In [1]:
from pyspark.sql import SparkSession

# Initialize Spark Session
spark = SparkSession.builder.appName("LIBSVM Data Loading").getOrCreate()

# Path to your LIBSVM file
file_path = "/home/centos/data/sample_libsvm_data.txt"

# Read the LIBSVM file
df_phuong = spark.read.format("libsvm").load(file_path)

# Show the DataFrame
df_phuong.show()

+-----+--------------------+
|label|            features|
+-----+--------------------+
|  0.0|(692,[127,128,129...|
|  1.0|(692,[158,159,160...|
|  1.0|(692,[124,125,126...|
|  1.0|(692,[152,153,154...|
|  1.0|(692,[151,152,153...|
|  0.0|(692,[129,130,131...|
|  1.0|(692,[158,159,160...|
|  1.0|(692,[99,100,101,...|
|  0.0|(692,[154,155,156...|
|  0.0|(692,[127,128,129...|
|  1.0|(692,[154,155,156...|
|  0.0|(692,[153,154,155...|
|  0.0|(692,[151,152,153...|
|  1.0|(692,[129,130,131...|
|  0.0|(692,[154,155,156...|
|  1.0|(692,[150,151,152...|
|  0.0|(692,[124,125,126...|
|  0.0|(692,[152,153,154...|
|  1.0|(692,[97,98,99,12...|
|  1.0|(692,[124,125,126...|
+-----+--------------------+
only showing top 20 rows



In [2]:
# Count the number of records
num_records = df_phuong.count()
print(f"Number of Records: {num_records}")

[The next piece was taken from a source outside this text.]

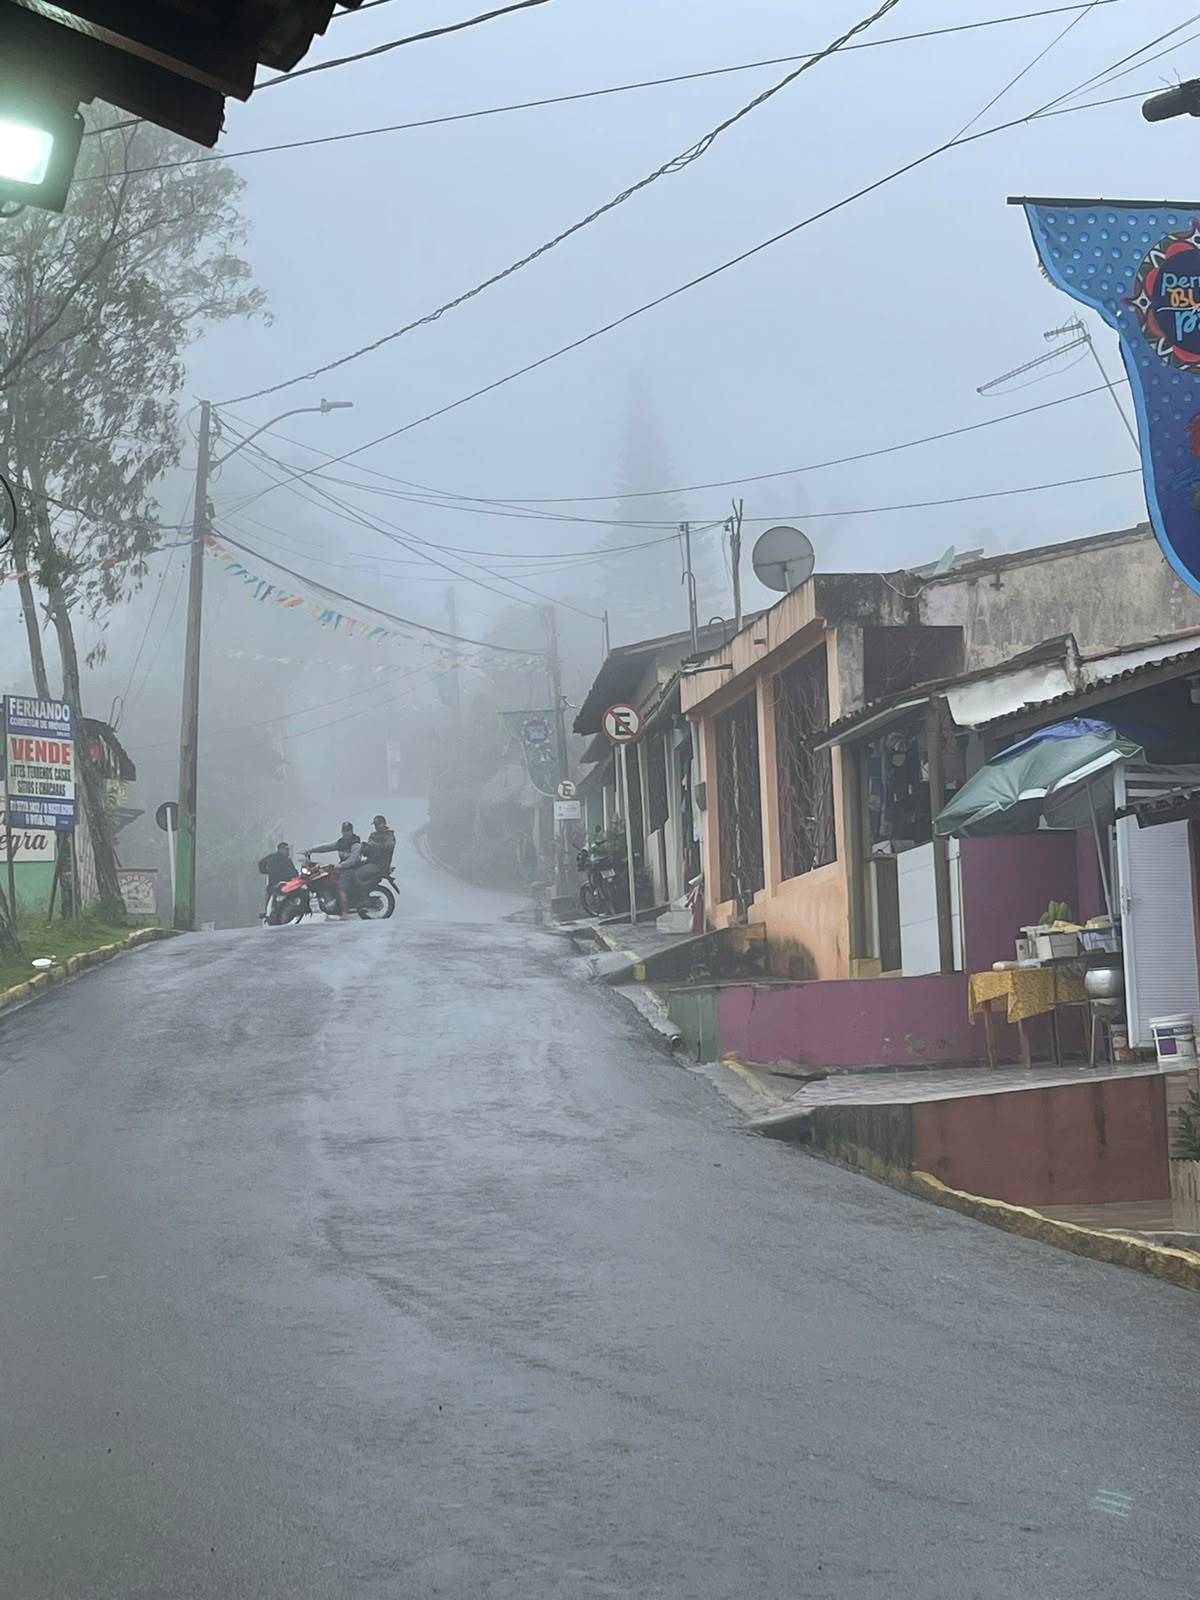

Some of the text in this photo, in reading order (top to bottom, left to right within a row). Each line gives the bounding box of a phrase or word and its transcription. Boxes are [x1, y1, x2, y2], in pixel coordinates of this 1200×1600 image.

[9, 697, 70, 722] FERNANDO
[615, 713, 630, 735] E
[11, 737, 71, 765] VENDE

# Count the number of columns
num_columns = len(df_phuong.columns)
print(f"Number of Columns: {num_columns}")

# Print the inferred schema
print("Inferred Schema:")
df_phuong.printSchema()

Number of Records: 100
Number of Columns: 2
Inferred Schema:
root
 |-- label: double (nullable = true)
 |-- features: vector (nullable = true)



In [3]:
from pyspark.ml.feature import StringIndexer

# Create an instance of the StringIndexer
labelIndexer_phuong = StringIndexer(inputCol="label", outputCol="indexedLabel_phuong")

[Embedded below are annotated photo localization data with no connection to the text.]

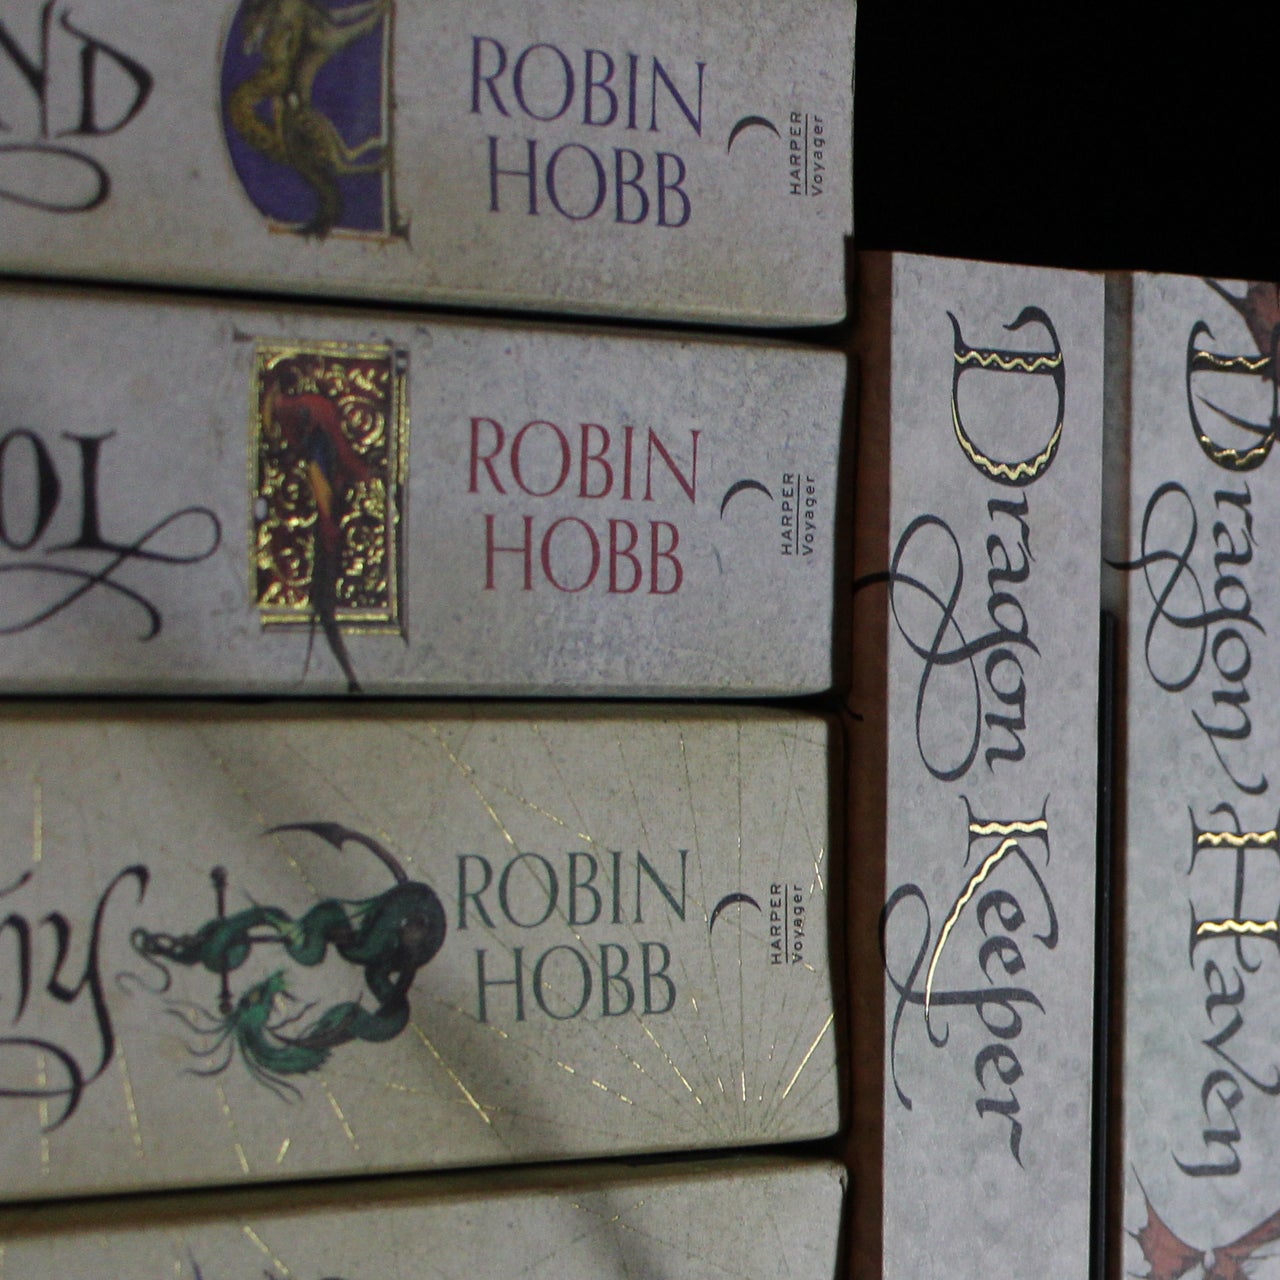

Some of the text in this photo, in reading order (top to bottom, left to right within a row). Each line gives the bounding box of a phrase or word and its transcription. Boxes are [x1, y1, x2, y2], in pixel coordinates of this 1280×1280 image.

[470, 36, 707, 138] ROBIN
[489, 136, 692, 228] HOBB
[790, 110, 802, 196] HARPER
[812, 114, 825, 197] Voyager
[467, 417, 701, 505] ROBIN
[484, 514, 684, 595] HOBB
[782, 472, 795, 556] HARPER
[803, 474, 815, 557] Voyager
[879, 305, 1066, 1171] Dragon Keeper
[456, 849, 690, 930] ROBIN
[771, 883, 783, 965] HARPER
[793, 884, 804, 965] Voyager
[476, 940, 677, 1023] HOBB

# Fit the StringIndexer to the data and transform it
df_indexed = labelIndexer_phuong.fit(df_phuong).transform(df_phuong)

In [4]:
from pyspark.ml.feature import VectorIndexer

# Create an instance of the VectorIndexer
featureIndexer_phuong = VectorIndexer(inputCol="features", outputCol="indexedFeatures_phuong", maxCategories=4, handleInvalid="skip")

# Fit the VectorIndexer to the data and transform it
df_indexed_features = featureIndexer_phuong.fit(df_phuong).transform(df_phuong)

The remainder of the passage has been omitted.